Il 7 ottobre, i vertici Nato si sono riuniti sulla
portaerei Cavour, al largo della Sardegna, per seguire
l’esercitazione Brilliant
Mariner 13 della «Forza
di risposta» dell’Alleanza, verificando la sua capacità di
«reagire rapidamente a qualsiasi sfida». Vi hanno partecipato 25 navi da
guerra di 12 paesi capeggiati dagli Usa. L’Italia con 14
unità navali, 16 velivoli e 3150 militari, impegnati
contemporaneamente nell’esercitazione nazionale Mare Aperto 13. Seguita, il 18 ottobre,
dall’operazione «militare
e umanitaria» Mare Nostrum, con l’impiego della San Marco
e altre navi da guerra appena uscite dalle esercitazioni
militari.
Il 16-18 ottobre si è tenuta alla Farnesina la conferenza
plenaria (oltre 200 delegati) del «Missile Technology
Control Regime»: associazione di paesi formata nel 1987
per «ridurre la proliferazione dei missili» in grado di
trasportare armi di distruzione di massa. Armi che, ha
scritto il ministro Bonino, sono state uno dei principali fattori
delle crisi internazionali, come quelle dell’Iraq e della
Libia. Paesi che non avevano armi di distruzione di massa
quando sono stati attaccati dagli Usa e dai loro alleati, mentre i principali promotori del
MTCR – Stati Uniti, Francia, Gran Bretagna, che ora
rilanciano da Roma «la guerra ai missili», si sono dotati
dei più avanzati sistemi missilistici e delle armi più
distruttive a partire da quelle nucleari. Le possiede
anche Israele, uno degli «aderenti unilaterali» al MTCR.
Appena cinque giorni dopo, domani 23 ottobre, Roma ospita
l’evento clou: l’incontro tra il segretario di stato Usa
Kerry e il premier israeliano Netanyahu. Parleranno dello
«stato finale dei negoziati con i palestinesi» e
soprattutto di Siria e Iran. Gli Usa dicono di lavorare a
una soluzione diplomatica del contenzioso con l’Iran. Non
abbandonano però la diplomazia delle bombe. Il 17 ottobre
il Pentagono ha annunciato un’altra colossale vendita di
armi per 10,8 miliardi di dollari all’Arabia Saudita e
agli Emirati Arabi Uniti: oltre 3mila missili e 6mila
bombe anti-bunker GBU-39 per gli
F-15 e F-16. Le bombe anti-bunker, già acquistate da
Israele nel 2010, servono a distruggere i centri di
comando e altre strutture sotterranee in un first strike,
come quello pianificato contro l’Iran.
A Netanyahu, che a Roma incontrerà il Papa assicurandolo
sulla «volontà di pace» di Israele, Kerry confermerà la
fornitura Usa di missili antiradiazione in grado di
neutralizzare i radar delle difese aeree, così da
«accecare» il paese obiettivo dell’attacco, e di
aerei-cisterna KC-135 di nuova generazione per meglio
rifornire i cacciabombardieri israeliani impegnati in una
guerra aerea.
Con ciò gli Usa formalmente non violano il Trattato sul
commercio di armamenti, poiché esso vieta di fornire armi
solo agli
stati che «minano la pace e la sicurezza e commettono
violazioni del diritto umanitario internazionale».

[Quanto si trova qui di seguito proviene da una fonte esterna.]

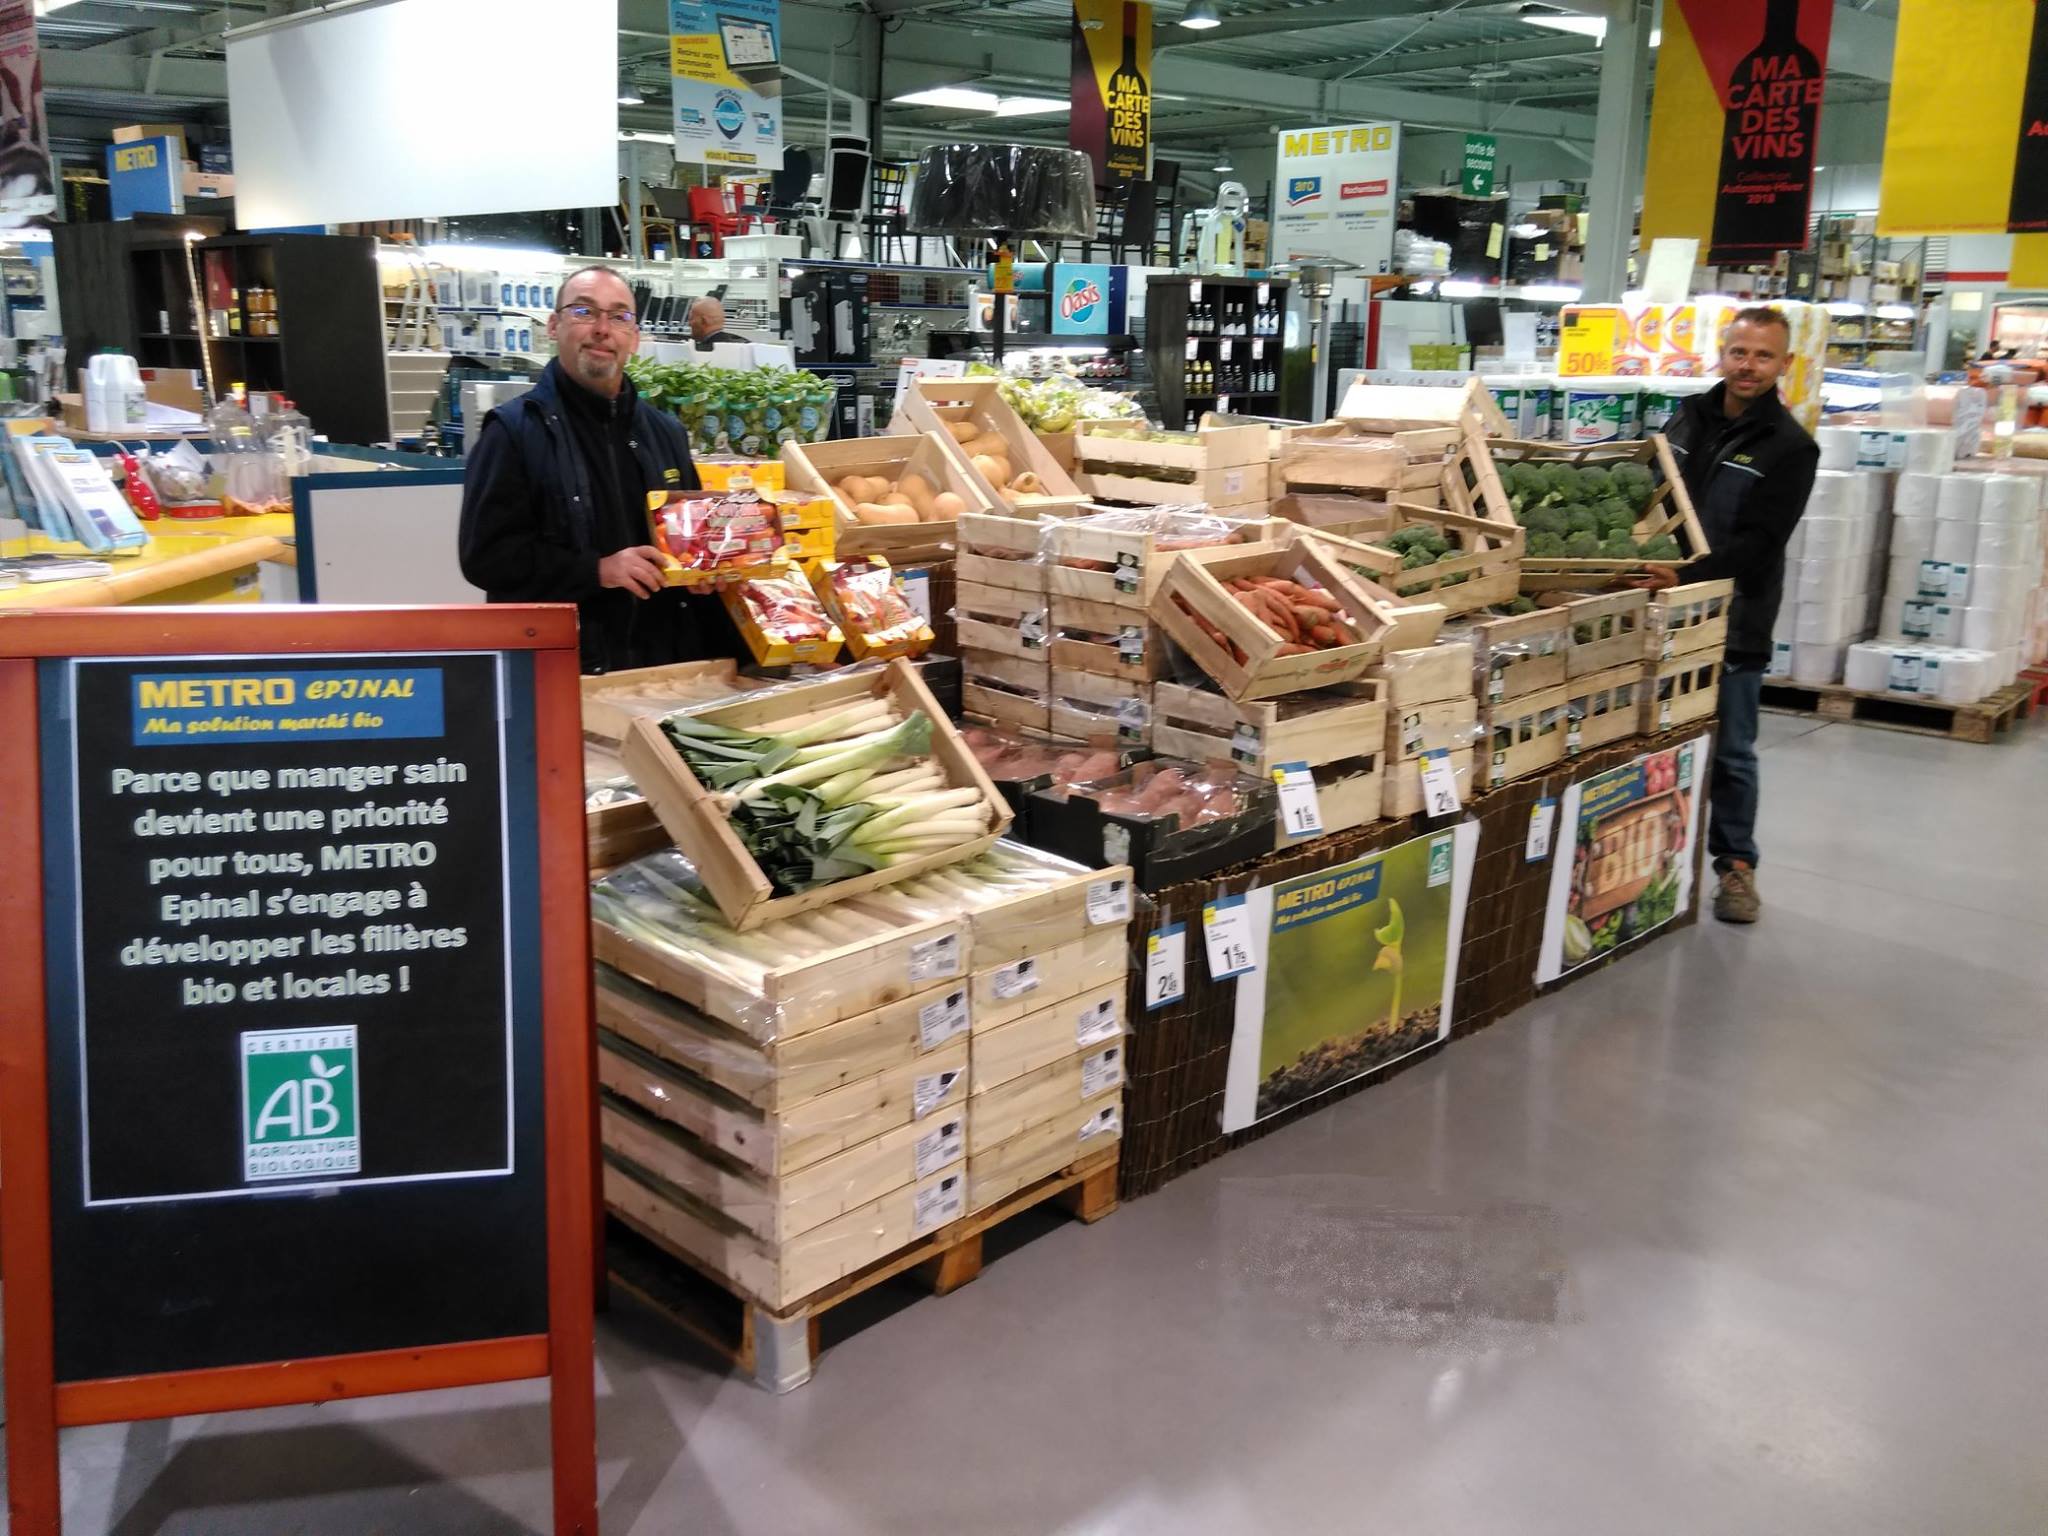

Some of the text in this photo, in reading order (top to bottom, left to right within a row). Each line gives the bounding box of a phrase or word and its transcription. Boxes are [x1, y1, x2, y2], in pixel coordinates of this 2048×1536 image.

[1752, 54, 1801, 82] MA
[1117, 74, 1140, 94] MA
[1727, 78, 1823, 109] CARTE
[1108, 91, 1150, 113] CARTE
[1114, 110, 1142, 130] DES
[1742, 107, 1800, 134] DES
[1110, 128, 1144, 148] VINS
[1285, 126, 1393, 157] METRO
[1486, 144, 1496, 157] de
[1732, 132, 1805, 160] VINS
[115, 145, 157, 172] METRO
[1567, 352, 1594, 373] 50
[139, 678, 415, 708] METRO EPINAL
[143, 711, 383, 734] Ma solution marché bio
[111, 757, 468, 796] Parce que manger sain
[134, 797, 448, 836] devient une priorité
[150, 841, 437, 884] pour tous, METRO
[1602, 808, 1663, 894] BIO
[161, 889, 260, 926] Epinal
[408, 882, 428, 909] à
[1277, 880, 1336, 912] METRO
[121, 923, 468, 967] développer les filières
[1222, 946, 1232, 969] 1
[183, 965, 410, 1005] bio et locales !
[1158, 975, 1167, 999] 2
[255, 1077, 340, 1139] AB
[250, 1140, 356, 1158] AGRICULTURE
[250, 1155, 356, 1174] BIOLOGIQUE
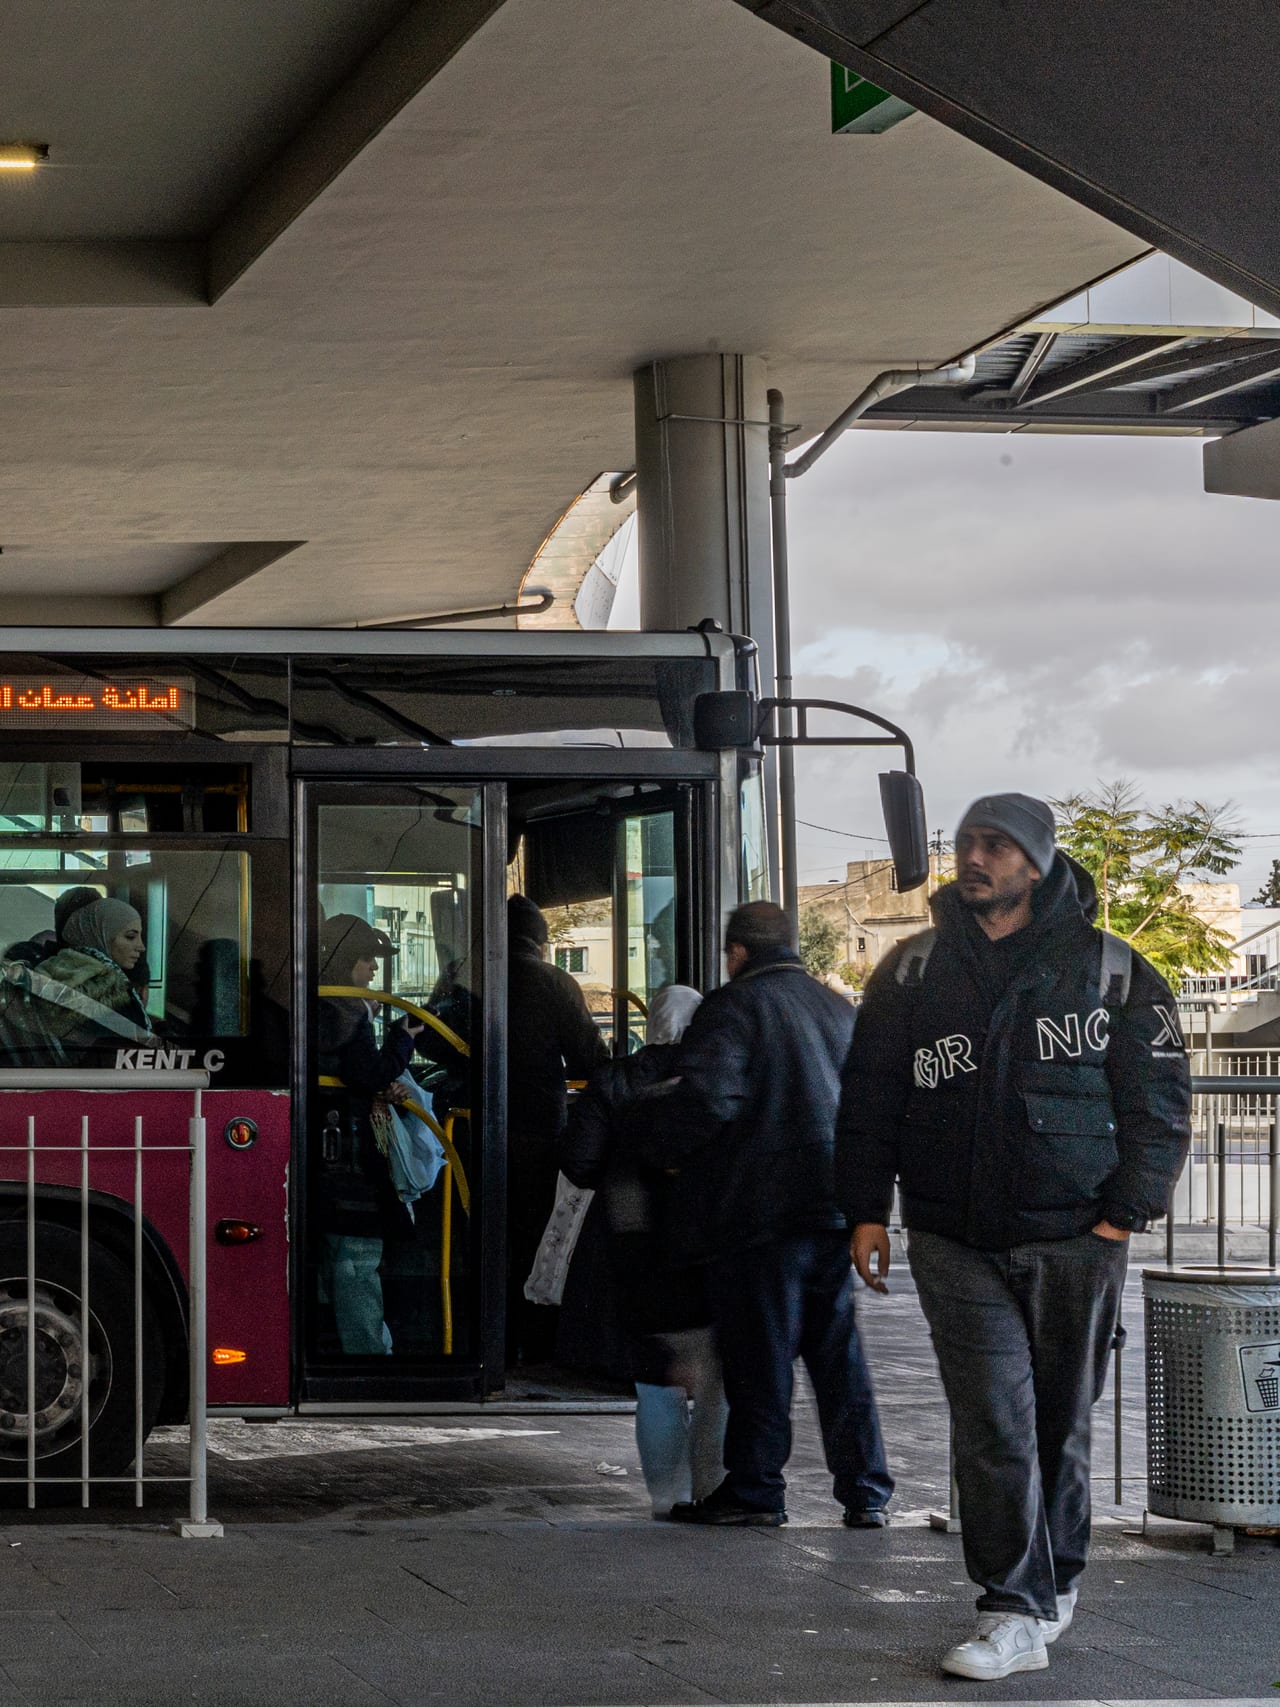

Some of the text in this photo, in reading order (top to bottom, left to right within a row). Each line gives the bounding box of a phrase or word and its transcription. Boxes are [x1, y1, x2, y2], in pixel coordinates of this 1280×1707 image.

[18, 686, 95, 709] عمان
[102, 686, 178, 709] امانة
[115, 1049, 225, 1072] KENT C
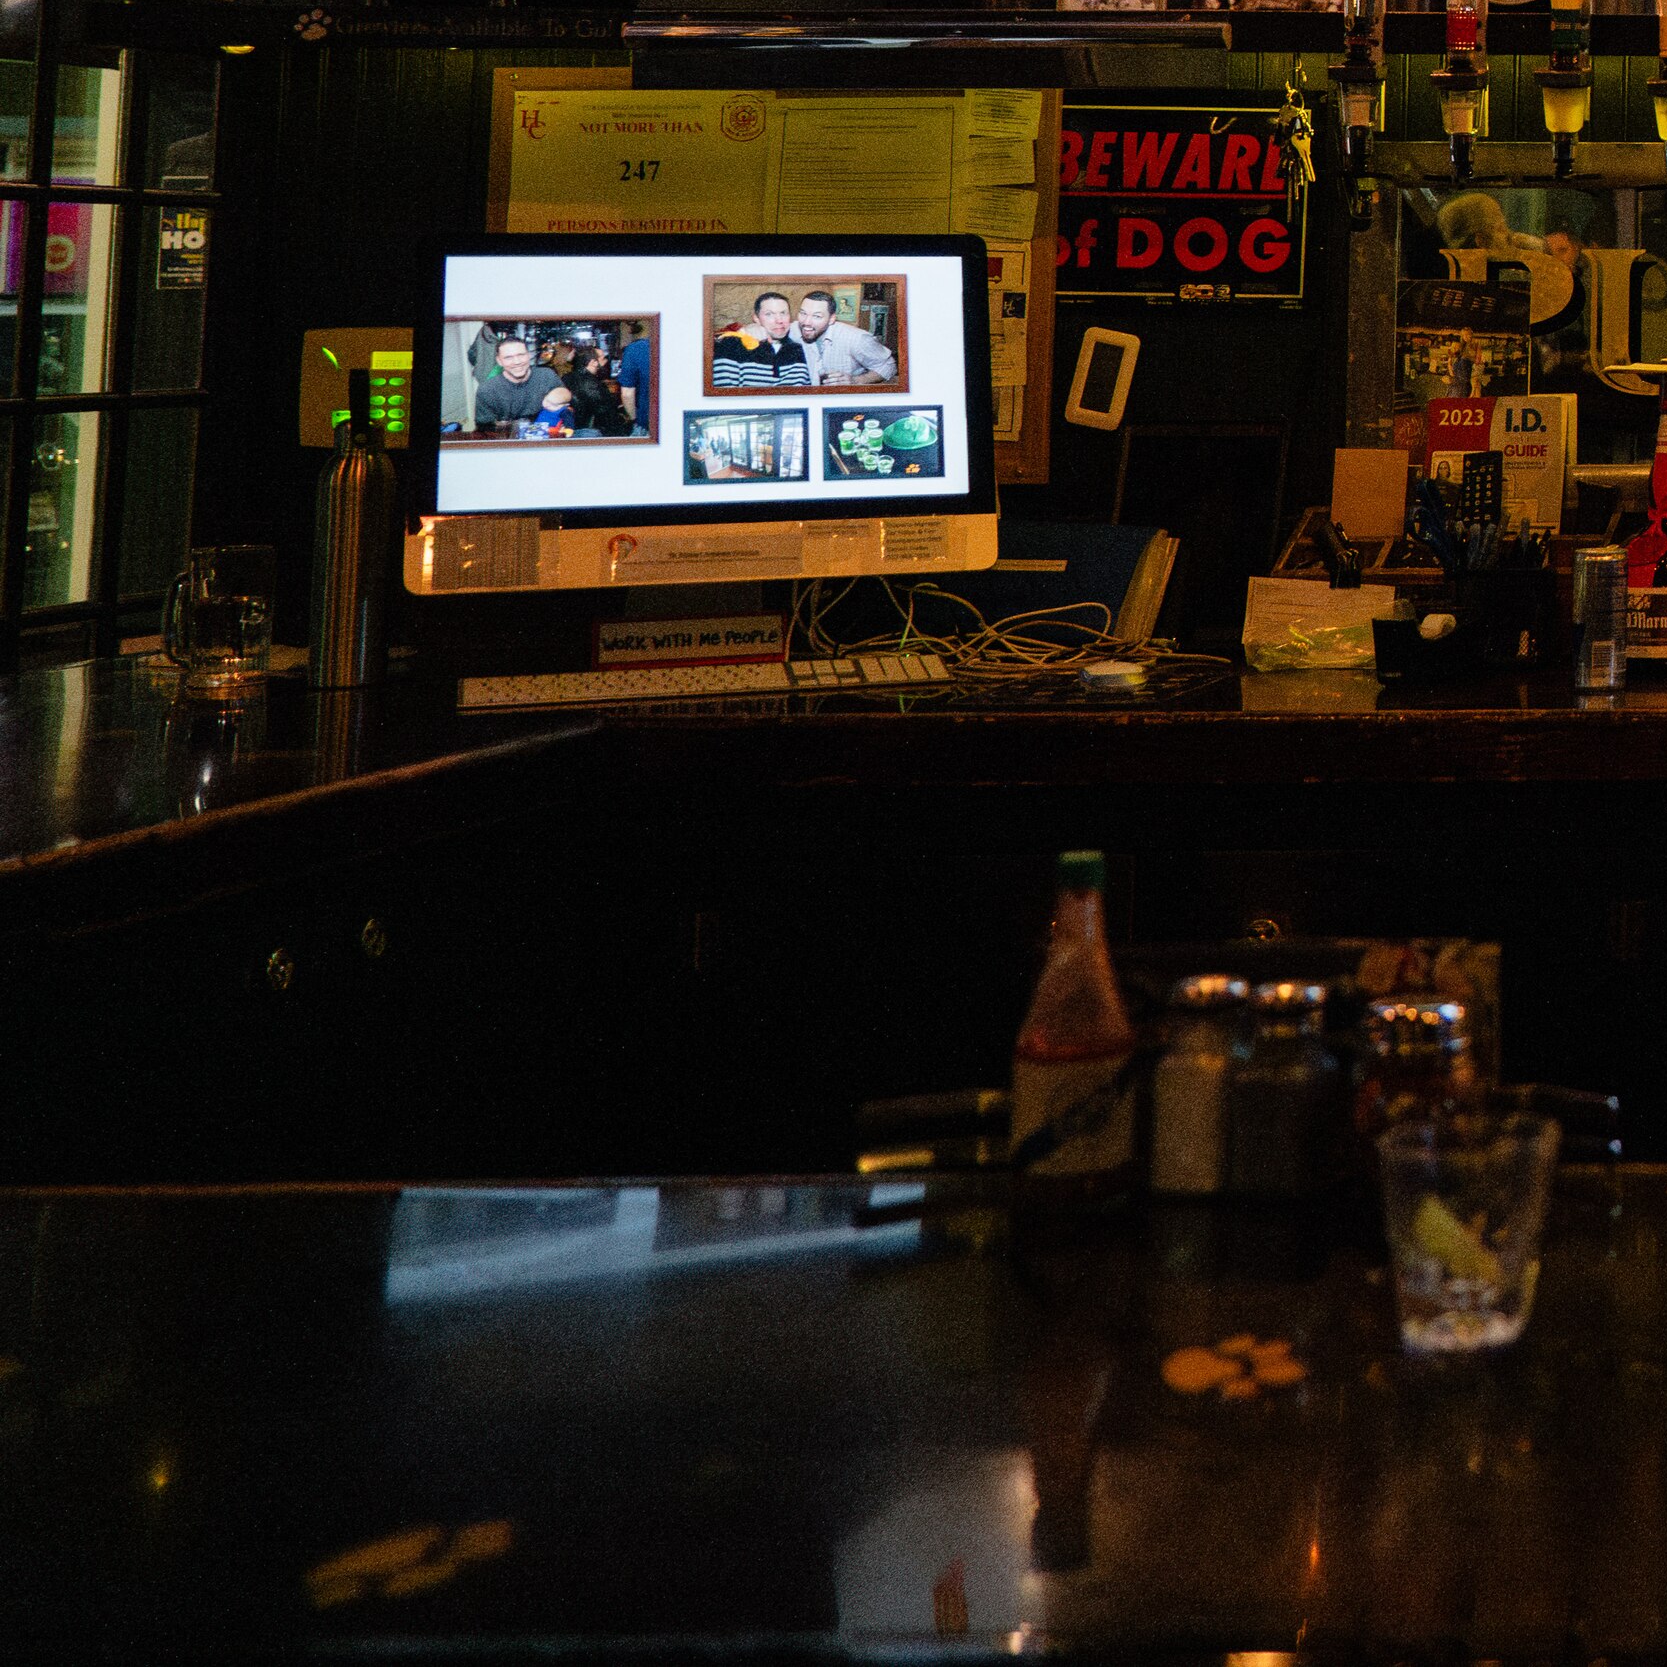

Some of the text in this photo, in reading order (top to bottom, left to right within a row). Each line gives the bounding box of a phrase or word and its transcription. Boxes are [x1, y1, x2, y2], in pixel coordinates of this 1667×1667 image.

[579, 122, 704, 134] NOT MORE THAN
[619, 160, 660, 183] 247
[547, 219, 618, 232] PERSONS
[1116, 216, 1292, 273] DOG
[1439, 409, 1484, 426] 2023
[1505, 408, 1547, 432] I.D.
[1504, 445, 1547, 457] GUIDE
[602, 634, 647, 651] WORK
[653, 632, 693, 649] WITH

Categoria da cui gli Usa e gli alleati europei escludono
sia Israele che le monarchie del Golfo.
Lo conferma la mostra, inaugurata dal sindaco Marino al
Vittoriano, in onore del Regno dell’Arabia Saudita, che ha
«eccellenti relazioni con
l’Italia fin dal 1932»,
ossia da quando l’Italia era sotto regime fascista. Nella
presentazione si loda la monarchia assoluta saudita per la
sua «politica moderata». L’ha sperimentata un mese fa una
ragazza saudita: violentata da sette uomini, è stata
condannata lei, per essere salita sull’auto di un compagno
di scuola (anche lui sequestrato), alla pena di 200
frustate.
(il manifesto, 22 ottobre 2013)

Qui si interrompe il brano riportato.